I cherish layered cinema rooted in tradition: Fellini, Kurosawa, Bergman. For "7x4", Tarkovsky’s "Nostalghia", "Mirror", and "Stalker" were vital compasses.
Yet levity matters too! The Coen Brothers and Woody Allen taught me to weave self-irony into heavy themes — like oxygen in a sealed room. Here, I must thank my sister Olya: her humor and radiance inspired Hermina’s character. Don’t believe me?
That’s our beloved father in the center — making "7x4" a hymn to family bonds. But I digress... ;)
If you were given a good budget, what would be your ideal project?
Given "7x4" was my first film, even a short was daunting. With resources, I’d expand it into a feature — perhaps two parts — to explore the real-life fragments hinted at in the haiku. Each of us hosts "shadow selves"; I’d unveil these facets, reflecting how cherished people live within us. The framework? Hesse again: "Narcissus and Goldmund", "Siddhartha", and "The Glass Bead Game".
Describe how you would ensure that production is on schedule. What steps would you take?

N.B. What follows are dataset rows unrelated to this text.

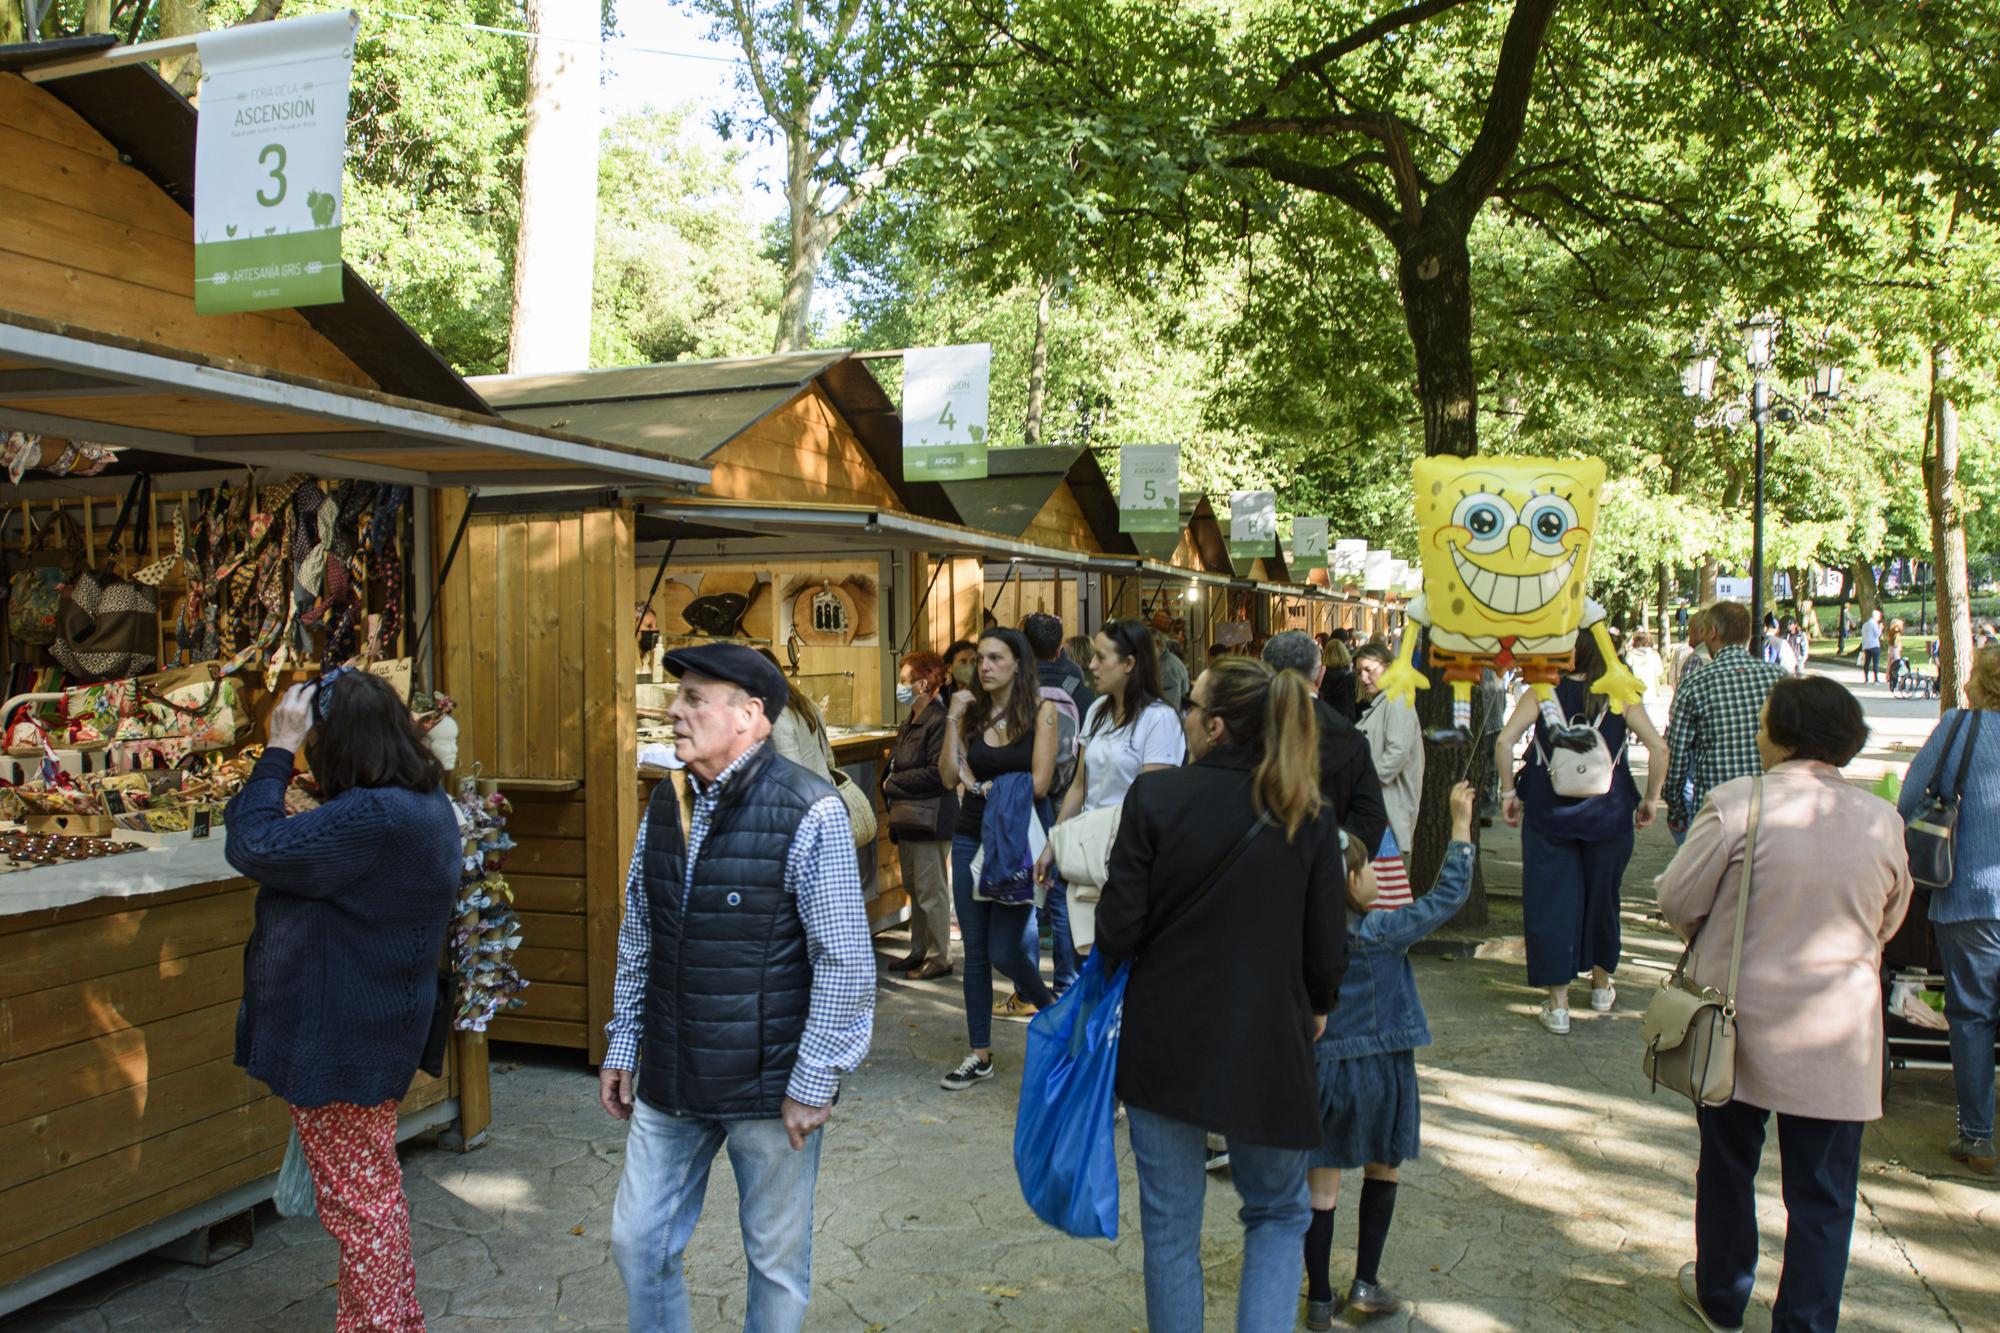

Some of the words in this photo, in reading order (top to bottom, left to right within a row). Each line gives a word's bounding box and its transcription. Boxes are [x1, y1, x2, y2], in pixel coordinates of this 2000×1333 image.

[234, 95, 315, 127] ASCENSIÓN
[256, 143, 287, 208] 3
[232, 262, 280, 282] ARTESANÍA
[281, 262, 302, 278] GRIS
[938, 401, 957, 431] 4
[1143, 480, 1156, 501] 5
[1306, 538, 1315, 551] 7

By day, I’m an IT consultant — project management is my profession. Scheduling is innate to me. But the true secret? Trusting your team. People over plans!

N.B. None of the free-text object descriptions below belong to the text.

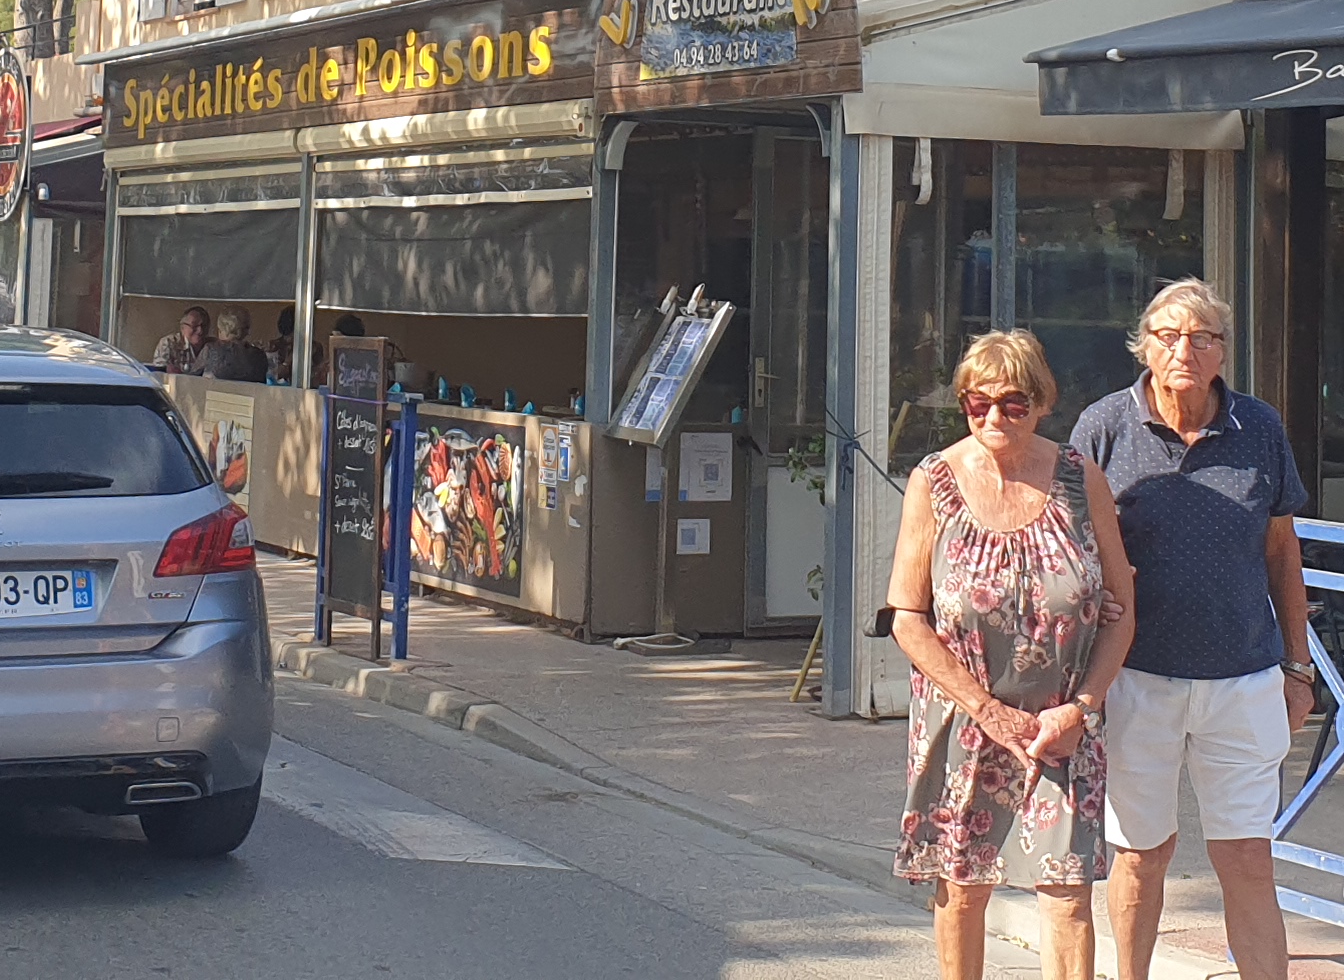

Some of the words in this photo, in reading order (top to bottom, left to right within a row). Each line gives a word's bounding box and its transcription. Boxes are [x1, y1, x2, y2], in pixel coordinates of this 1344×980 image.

[673, 48, 687, 68] 04
[688, 47, 705, 65] 94
[707, 45, 723, 64] 28
[725, 42, 741, 62] 43
[742, 40, 758, 61] 64
[123, 56, 283, 139] Spécialités
[297, 46, 340, 103] de
[354, 24, 552, 97] Poissons
[75, 591, 89, 606] 83

As for my process: I immerse completely. "7x4" took two weeks of total focus — but only because I had half a year of raw footage, a lifetime of books/films, and a heart ready to burst onto the screen.

What was the hardest part of making ‘7x4’.
The scattered material — clips, photos, haiku, music — lacked a skeleton. I built it in two stages: first, a mini-film ("4x4") with four haiku; later expanded to seven, framed by the prologue/postscript. The real battle was editing: how to add without diluting the core? Each haiku needed autonomy yet cohesion.
Take the spider photo:
This image haunted me. I took it by the Dnieper River — a sacred Slavic waterway — during a walk in despair. I live in Orsha now, and that day, I found paradise: a creek in a ravine with ancient monks’ caves... Silence, birdsong, icy water. At noon, the sun pierced the gorge. I looked up and saw this spider, awoken from hibernation, marveling at the light with me. Only later did I realize: it was the winter solstice. The sun "paused" in its legs... and from that day, my darkness began to shrink. That’s why the spider opens my haiku series — a tiny guardian of hope.
If possible, tell us about your next work. What plans do you have for your future work?
I’m sketching a feature-length expansion of "7x4". Parallelly, I’m crafting a short contemplative film — a visual retreat to share the places, faces, and moments that heal me.